- [TASK DESCRIPTION]: Apart from the images, output the data below exactly.

- [SUPPLIED RECORDS]:
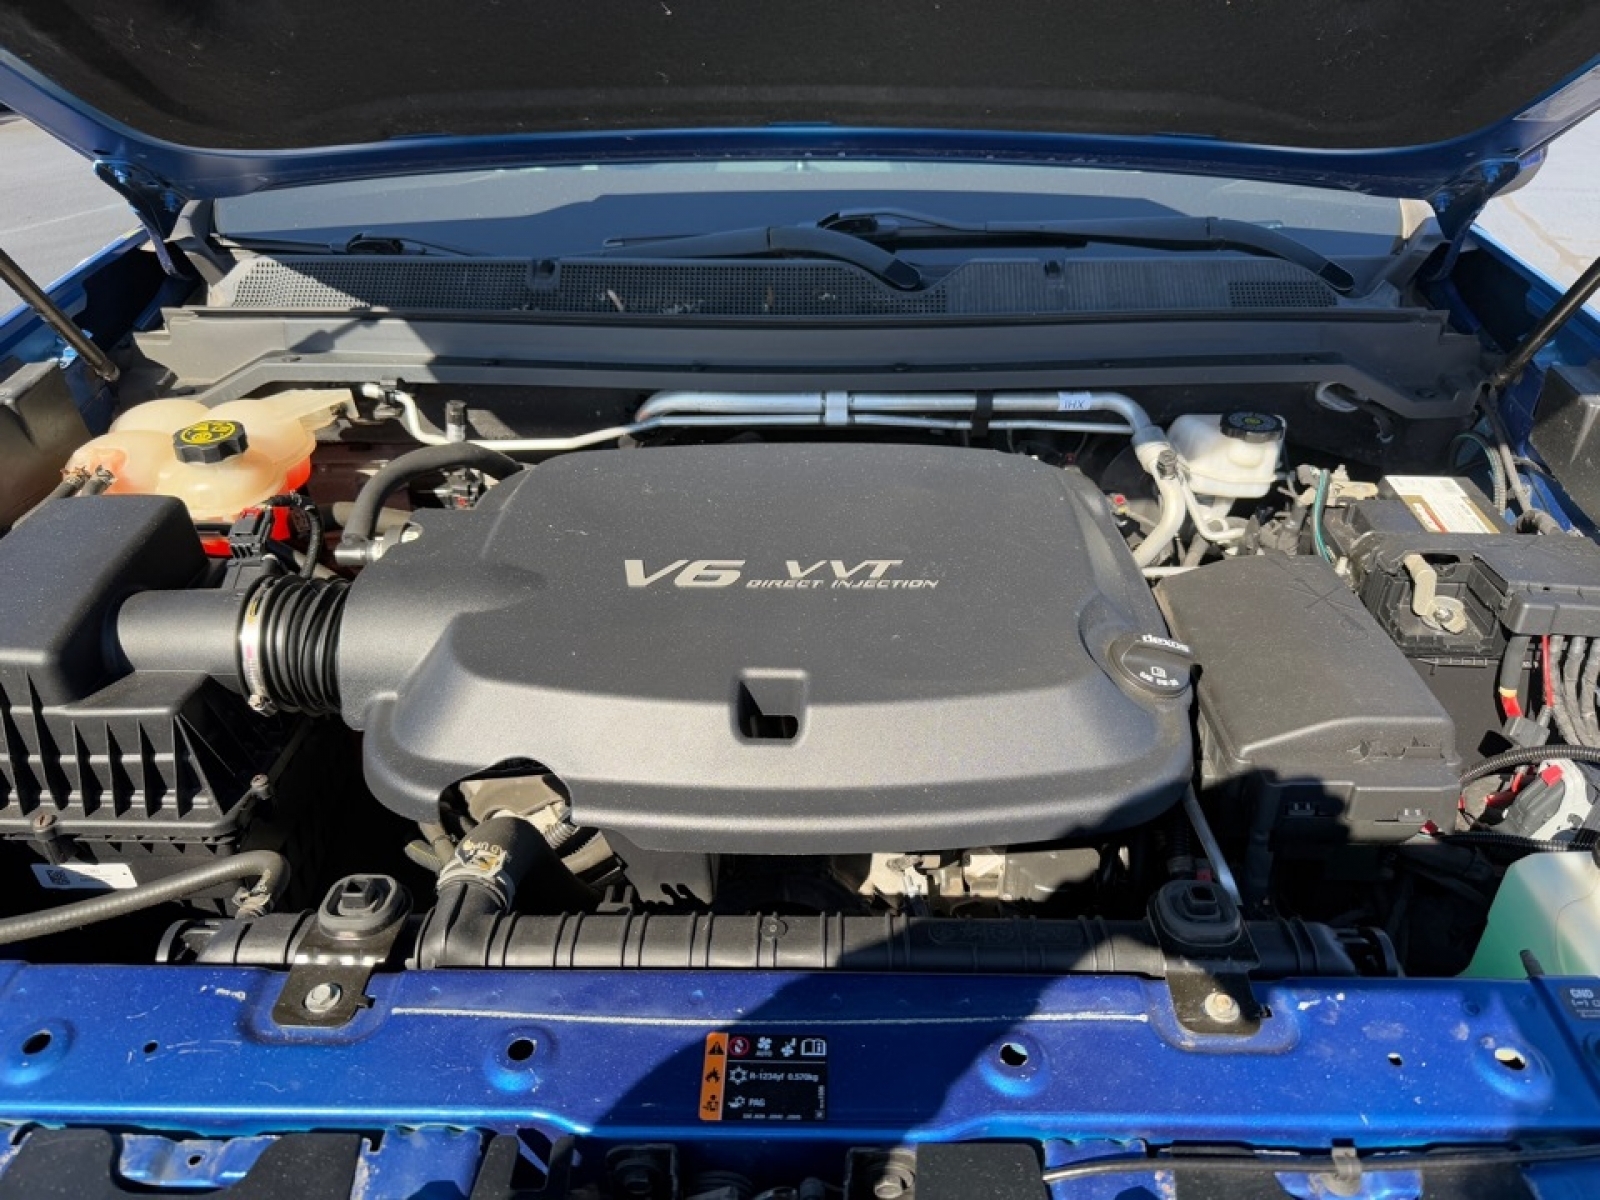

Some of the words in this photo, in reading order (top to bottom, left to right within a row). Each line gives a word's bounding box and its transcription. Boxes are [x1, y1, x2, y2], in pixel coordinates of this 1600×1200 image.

[1064, 399, 1086, 409] IHX
[624, 559, 746, 588] V6
[785, 559, 904, 578] VVT
[746, 579, 824, 589] DIRECT
[831, 579, 939, 590] INJECTION

- [REPLY]:
Some of the words in this photo, in reading order (top to bottom, left to right within a row). Each line gives a word's bounding box and its transcription. Boxes are [x1, y1, x2, y2], in pixel coordinates of this 1600×1200 image.

[1064, 399, 1086, 409] IHX
[624, 559, 746, 588] V6
[785, 559, 904, 578] VVT
[746, 579, 824, 589] DIRECT
[831, 579, 939, 590] INJECTION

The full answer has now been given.